Measuring inconsistency in metaanalyses
BMJ 2003; 327 doi: http://dx.doi.org/10.1136/bmj.327.7414.557 (Published 04 September 2003) Cite this as: BMJ 2003;327:557 Julian P T Higgins, statistician (julian.higgins{at}mrcbsu.cam.ac.uk)1,
 Simon G Thompson, director1,
 Jonathan J Deeks, senior medical statistician2,
 Douglas G Altman, professor of statistics in medicine2
 ^{1}MRC Biostatistics Unit, Institute of Public Health, Cambridge CB2 2SR,
 ^{2}Cancer Research UK/NHS Centre for Statistics in Medicine, Institute of Health Sciences, Oxford OX3 7LF
 Correspondence to: J P T Higgins
Cochrane Reviews have recently started including the quantity I^{2} to help readers assess the consistency of the results of studies in metaanalyses. What does this new quantity mean, and why is assessment of heterogeneity so important to clinical practice?

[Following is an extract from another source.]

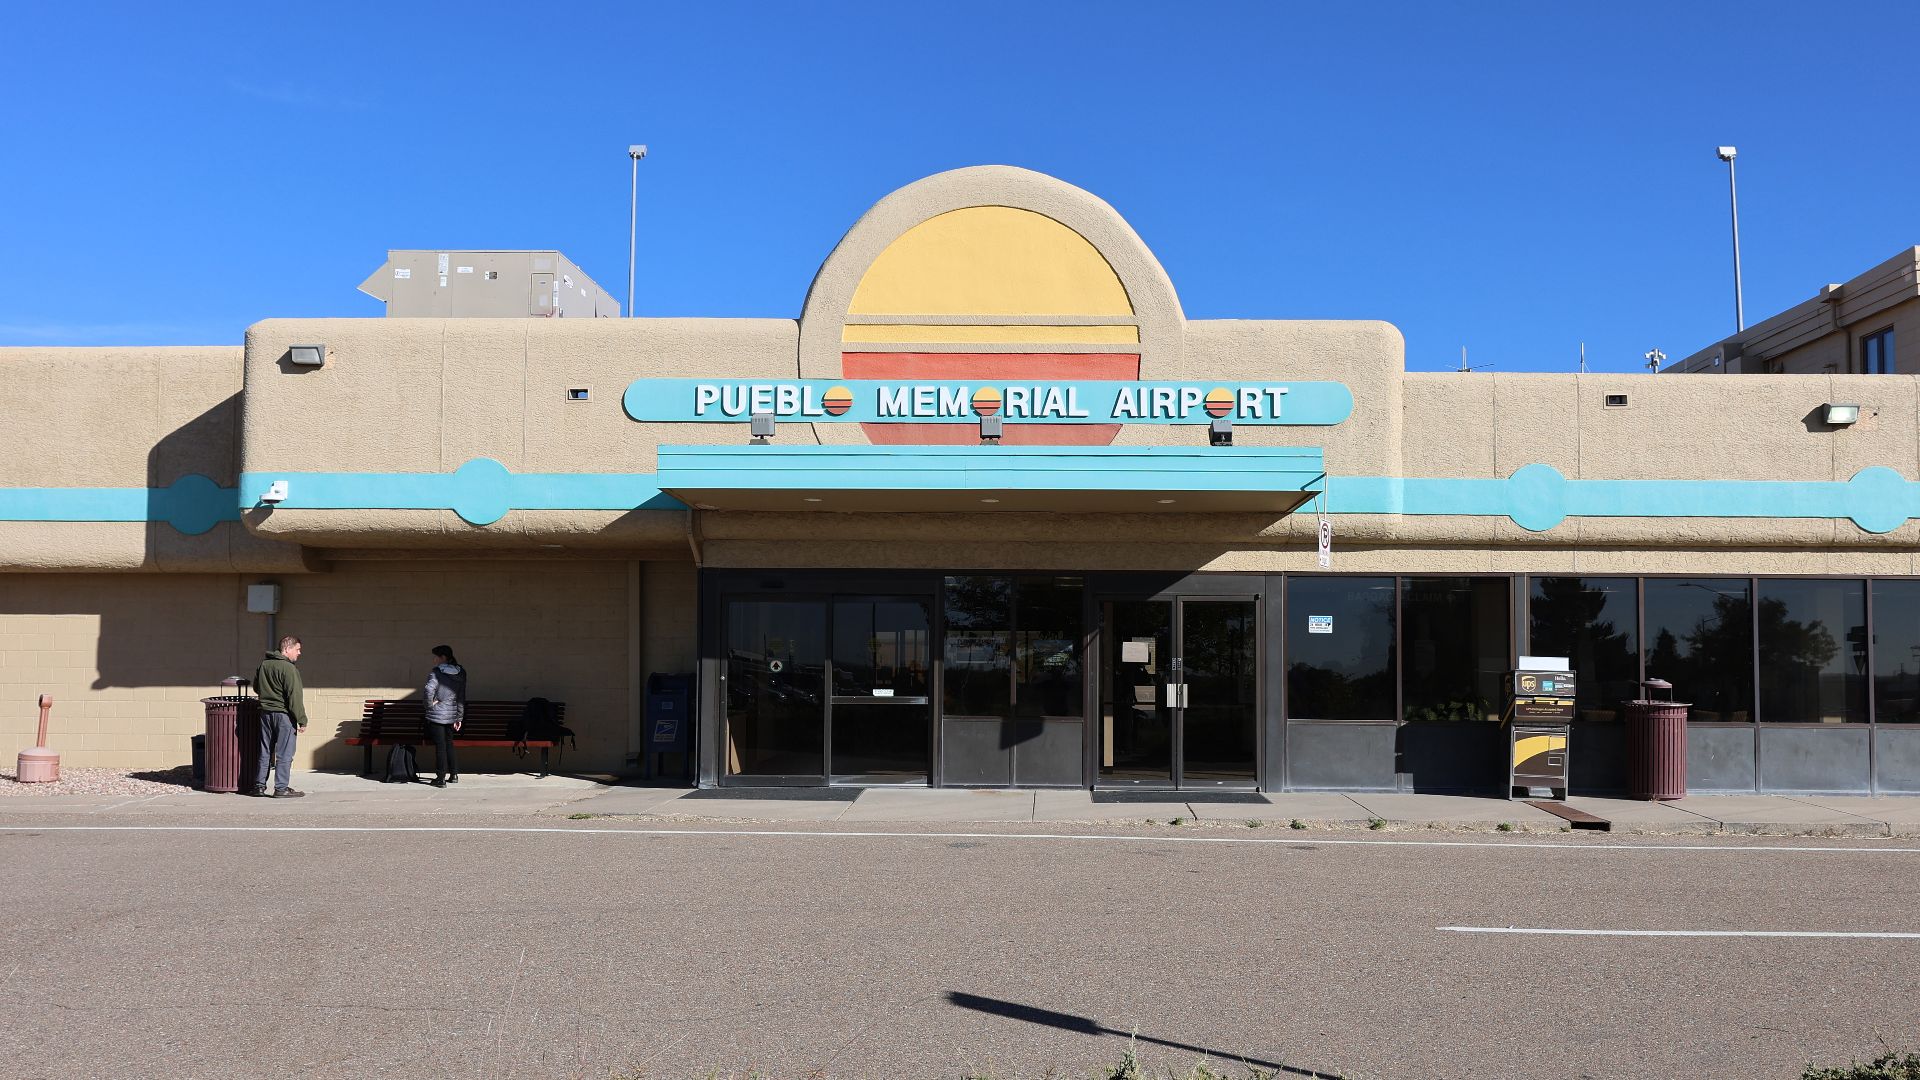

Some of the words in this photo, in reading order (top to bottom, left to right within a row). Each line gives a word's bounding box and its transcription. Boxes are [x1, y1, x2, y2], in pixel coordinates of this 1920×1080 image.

[695, 384, 854, 417] PUEBLO
[879, 385, 1090, 418] MEMORIAL
[1111, 386, 1289, 418] AIRPORT

Systematic reviews and metaanalyses can provide convincing and reliable evidence relevant to many aspects of medicine and health care.1 Their value is especially clear when the results of the studies they include show clinically important effects of similar magnitude. However, the conclusions are less clear when the included studies have differing results. In an attempt to establish whether studies are consistent, reports of metaanalyses commonly present a statistical test of heterogeneity. The test seeks to determine whether there are genuine differences underlying the results of the studies (heterogeneity), or whether the variation in findings is compatible with chance alone (homogeneity). However, the test is susceptible to the number of trials included in the metaanalysis. We have developed a new quantity, I^{2}, which we believe gives a better measure of the consistency between trials in a metaanalysis.
Need for consistency
Assessment of the consistency of effects across studies is an essential part of metaanalysis. Unless we know how consistent the results of studies are, we cannot determine the generalisability of the findings of the metaanalysis. Indeed, several hierarchical systems for grading evidence state that the results of studies must be consistent or homogeneous to obtain the highest grading.2^{–}4
Tests for heterogeneity are commonly used to decide on methods for combining studies and for concluding consistency or inconsistency of findings.5 6 But what does the test achieve in practice, and how should the resulting P values be interpreted?
Testing for heterogeneity
A test for heterogeneity examines the null hypothesis that all studies are evaluating the same effect. The usual test statistic (Cochran's Q) is computed by summing the squared deviations of each study's estimate from the overall metaanalytic estimate, weighting each study's contribution in the same manner as in the metaanalysis.7 P values are obtained by comparing the statistic with a χ^{2} distribution with k1 degrees of freedom (where k is the number of studies).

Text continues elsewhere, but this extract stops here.